The town of Ticonderoga will attempt to renew its annual summer youth recreation program.
The program, which served about 200 children each year, was victim of budget cuts a year ago.
Funding is still a concern. That’s why the 2013 program will depend on enrollment and advance payment. In order to have a program 100 children must be registered by June 1.
The cost of the program, which is due at registration, is $10 a day for each child. Children can attend up to five days a week 7:30 a.m. to 2:30 p.m. July 8 through Aug. 2 at Ticonderoga Elementary-Middle School.
Registration information will be sent home with students at Ticonderoga Elementary-Middle School. Registration forms are also available at the Ti town clerk’s office. Questions about payments can be directed to the town clerk’s office at 585-6677.
“There is no money in the town budget for this program,” Dave Iuliano, Ti trustee, said. “We used to be able to fall back on the town for a lot of things. We can’t anymore. The town is always looking for things to cut because of the (state mandated) 2 percent tax cap. People who take advantage of programs need to help out.”

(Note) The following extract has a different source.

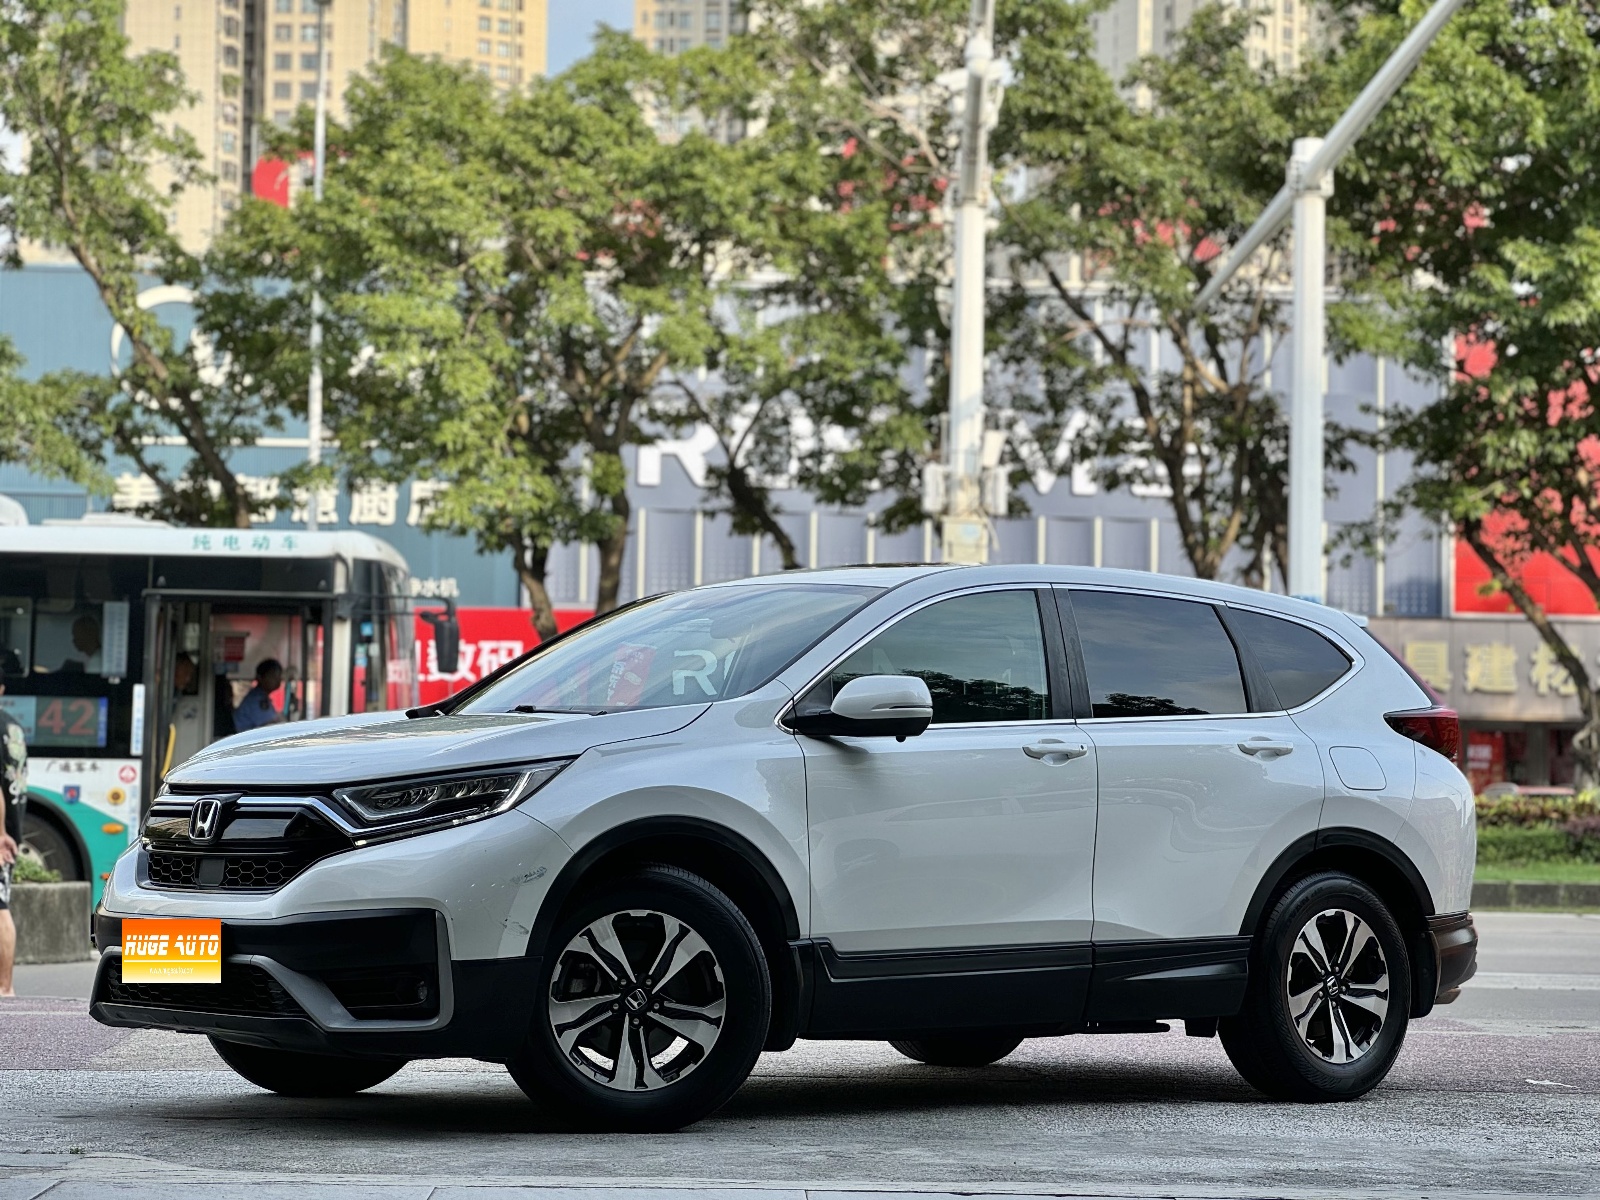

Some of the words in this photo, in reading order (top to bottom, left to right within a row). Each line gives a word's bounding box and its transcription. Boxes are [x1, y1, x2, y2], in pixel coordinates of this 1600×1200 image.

[192, 534, 299, 551] 纯电动车
[38, 699, 96, 736] 42

The town needs $20,000 to operate the summer program — that’s 100 children at $50 a week ($10 a day).
“If we get 100 kids the program pays for itself,” Iuliano said. “If we don’t, there’s no program. There’s no money in the budget for it.”
The summer program is crucial, Iuliano said, because by holding organized recreational and educational activities the town becomes eligible for the federal USDA breakfast and lunch program. That program provides free breakfast, lunch and snack to all children age 18 and younger in the community.
Open to children entering kindergarten to age 13, the program will offer swimming, sports, arts and crafts, games, bowling, Arts Trek and more, according to Angie MacAlpine, the program director. It will be certified by the state.
“It’ll be similar to the program we’ve had in past years,” she said. “I think it’s a real bargain for parents. Babysitting, supervised activities, breakfast and lunch for $10 a day.”
The key is the free breakfast, lunch and snack program, Iuliano said.
“This is a special, concerted effort to be a food distribution point in Ticonderoga,” he said. “We want to make certain our children have access to healthy food.”
Childhood hunger and poverty has become an issue in Ticonderoga. Nearly half the local school population qualifies for free or reduced-price lunches and almost 20 percent of Ticonderoga children live in poverty, according to the U.S. Census.
Iuliano has been working with John Bartlett of the Ti Kiwanis on the club’s “BackPack” program. That effort works closely with Ticonderoga Central Schools to send needy children from Ticonderoga Elementary School home for the weekends with backpacks filled with nutritious, shelf-stable and easily prepared foods.
“This is a way to address a serious problem in the community,” Bartlett said of the USDA free summer breakfast and lunch program. “The food program is free, but we must have a recreation program to qualify.”
Iuliano credited Mike Mascarenas of the county youth bureau with helping arrange to bring the USDA food program to Ticonderoga.
“Mike’s been an incredible asset,” Iuliano said. “He’s really helped lead us through the process.”